The cantiga (Galician-Portuguese for song) is the result of cross-fertilization. In the late eleventh century the beginnings of the Reconquisto (Christian reconquest of Andalusia) helped to encourage pilgrimages to places like Santiago de Compostela, one of the largest cities in the Christian north and the cathedral at Monsterrat, where the crowds were often huge and unruly. In order to dissuade the pilgrims from singing their "profane" songs, these same tunes were set to new religious lyrics, and later collected in the famous Llibre Vermell (14th cent.).

The Cantigas de Santa Maria were compiled between 1264 and 1284 at the court of the Castilian monarch Alfonso X, el Sabio ("the Learned"). They are mostly narrative, and their texts tend to adopt the formal features of the Andalusian zajal. Although composed in the Castilian court and recorded using the neumes of Latin liturgical chant, the lyrics are in the Romance language, in keeping with the king's preference for that language in his own secular poetry. Along with Christians, Arabs and Jews played an important role at the Castilian court and most likely in the performance of the Cantigas. The manuscripts of the Canitgas have illuminations that portray Jewish and Moorish musicians and singers among the Christians.

The private musical life of the Sephardic Jews, which like every aspect of their life was necessarily separated to a certain degree from the mainstream culture, maintained a dual and relatively divided repertoire: 1) sacred, sung in Hebrew, which followed the Jewish liturgical calendar, and 2) secular, consisting of songs from their daily life, each relating to some aspect of the life cycle (birth, childhood, courting, marriage, death, etc.), usually sung in the vernacular, Judezmo (Ladino) and more strongly influenced by Christian and Arabic styles.

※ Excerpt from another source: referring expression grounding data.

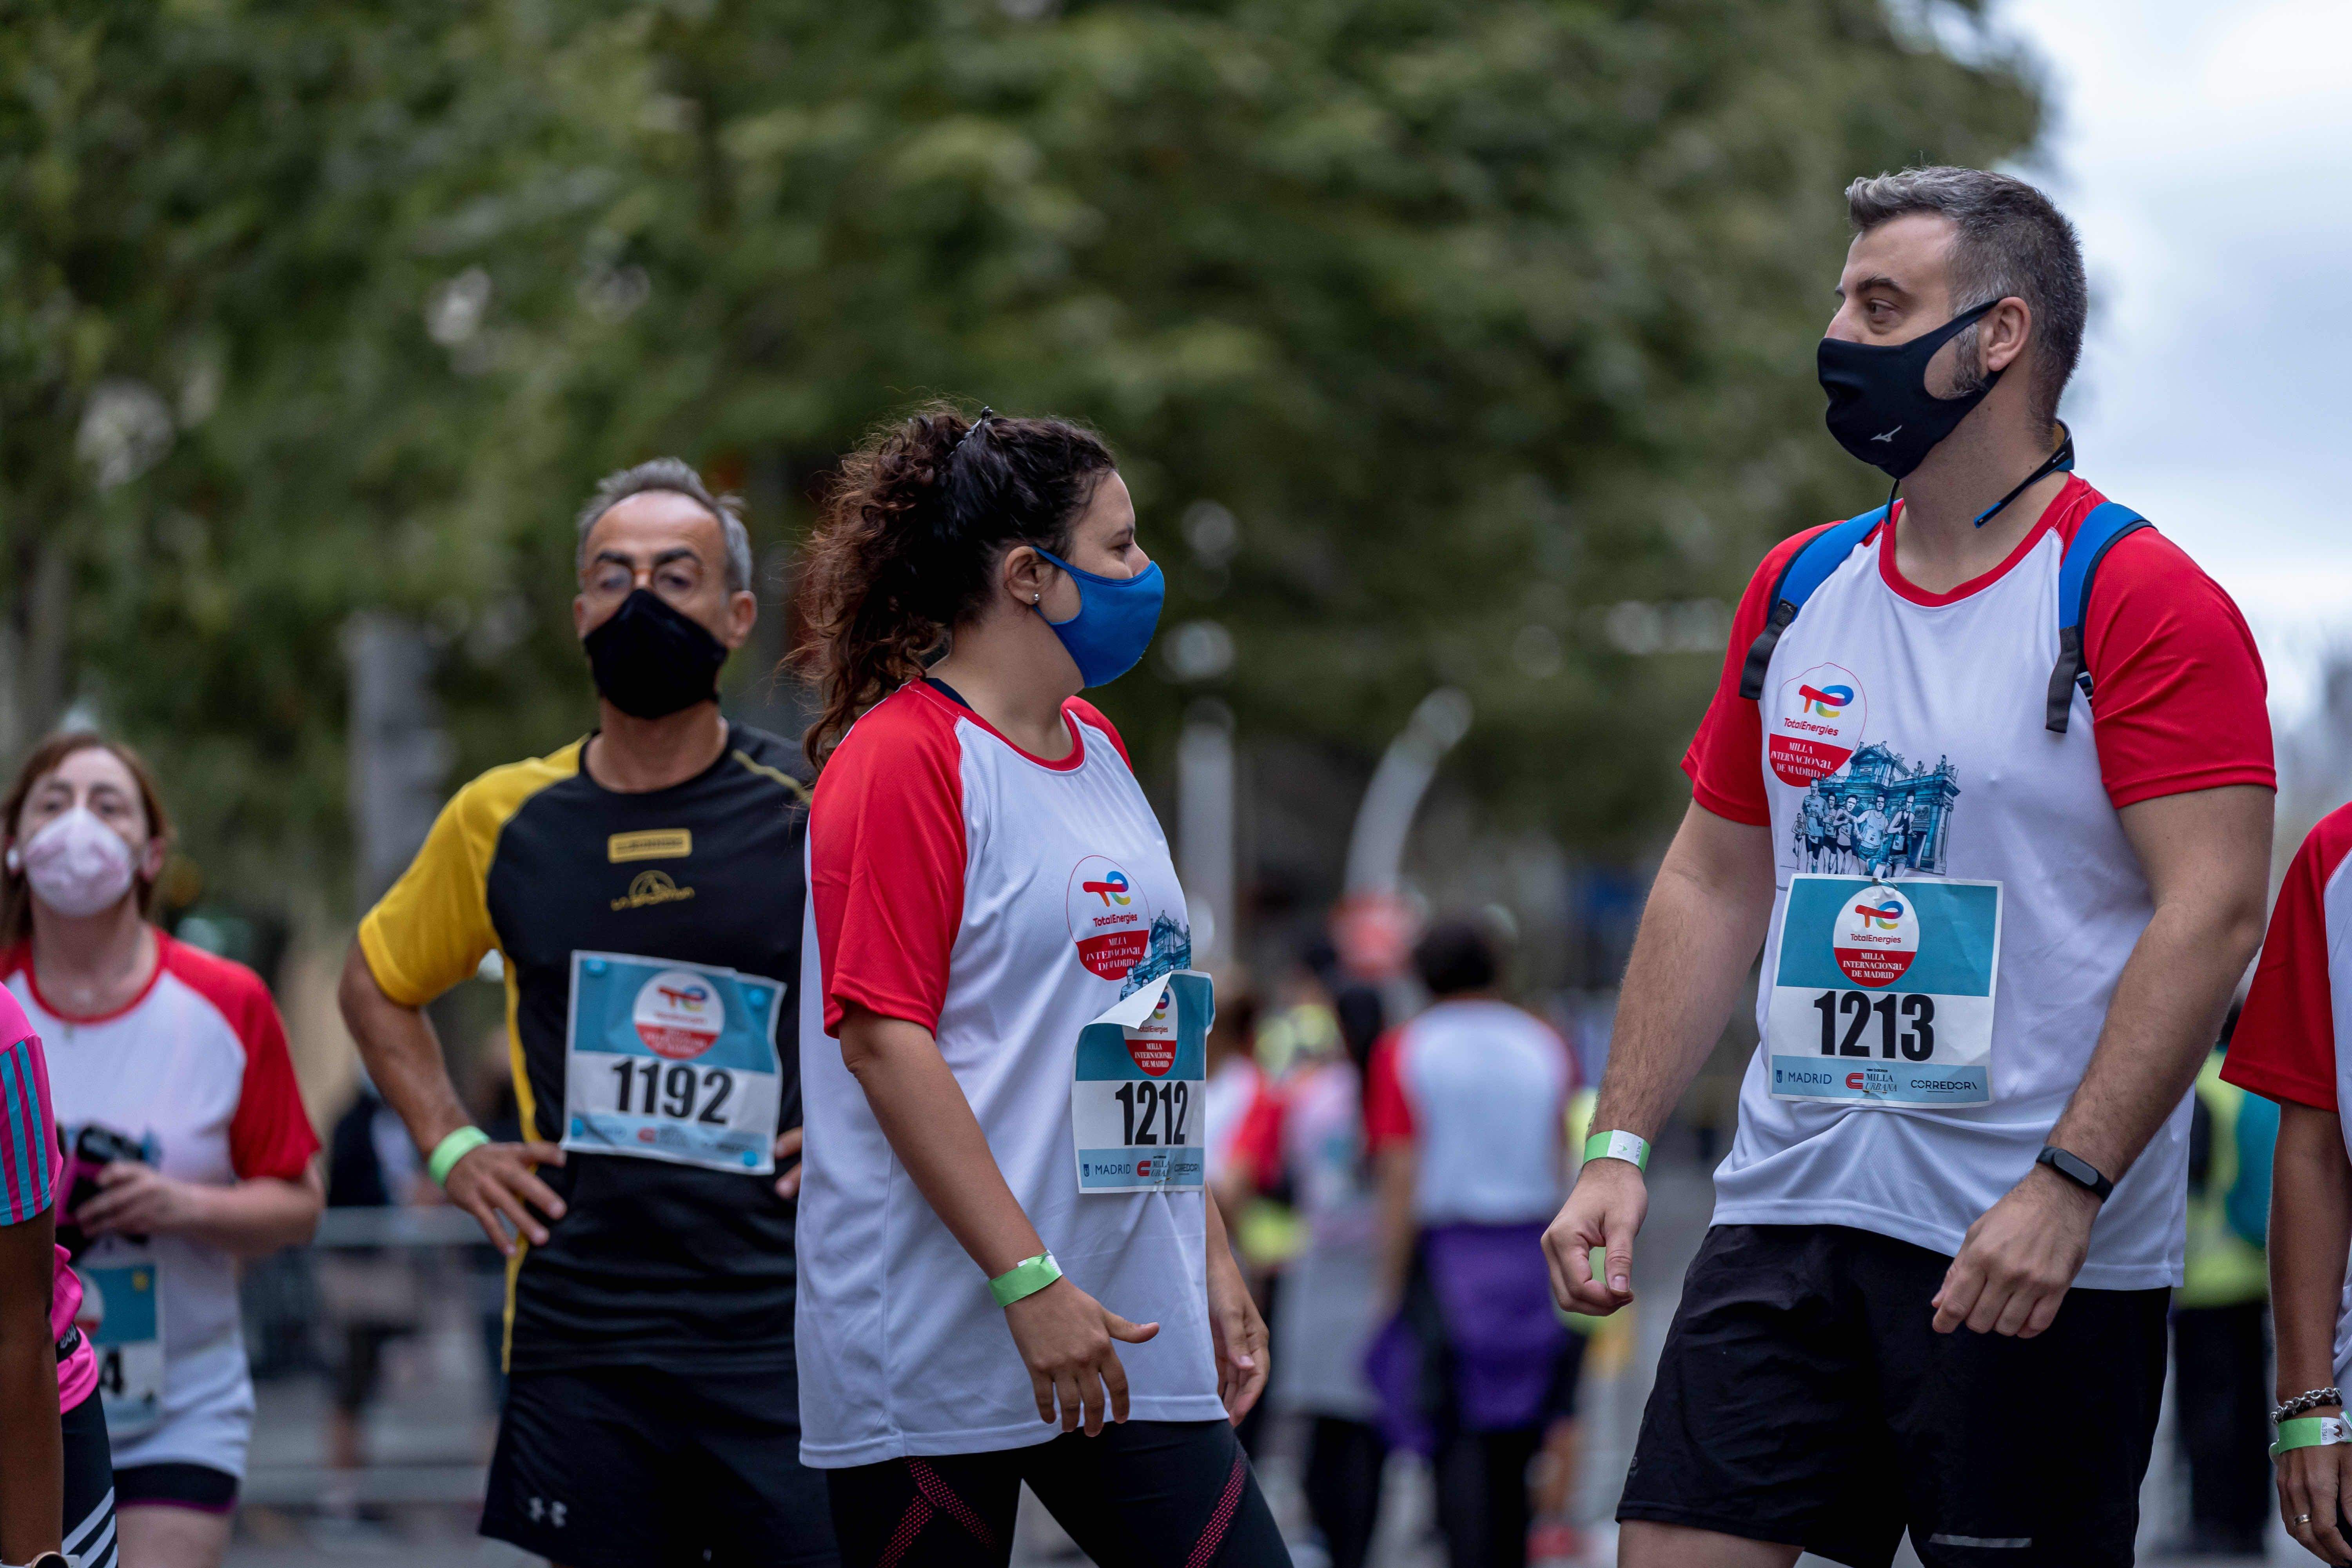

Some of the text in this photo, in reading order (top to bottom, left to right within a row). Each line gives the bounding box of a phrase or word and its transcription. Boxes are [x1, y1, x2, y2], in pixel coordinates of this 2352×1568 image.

[1784, 717, 1839, 736] TotalEnergies
[1789, 742, 1813, 754] MILLA
[1777, 763, 1820, 778] DE MADRID
[1093, 912, 1138, 927] TotalEnergies
[1851, 934, 1901, 944] TotalEnergies
[1814, 990, 1935, 1061] 1213
[1789, 1072, 1832, 1084] MADRID
[1866, 1073, 1894, 1082] MILLA
[612, 1056, 734, 1125] 1192
[1866, 1082, 1897, 1091] URBANA
[1115, 1080, 1188, 1146] 1212
[1095, 1164, 1131, 1174] MADRID

As the Reconquista of Spain took hold during the 14th century, the relatively harmonious cohabitation of Spanish Christians, Jews and Muslims was brought to an end. The pogroms and persecutions of 1391 led to mass conversions of Jews and Muslims, and the eventual almost total exodus of both by 1492 from Iberia.

Nevertheless, Al-Andalus as a music and culture has survived to this very day in North Africa where, in Morocco, music that is a direct descendant from that played in Andalusia is still widely performed. The Diaspora of the Sephardim spread the uniquely colorful music of Ladino culture around the world and continues to be performed and enjoyed by thousands.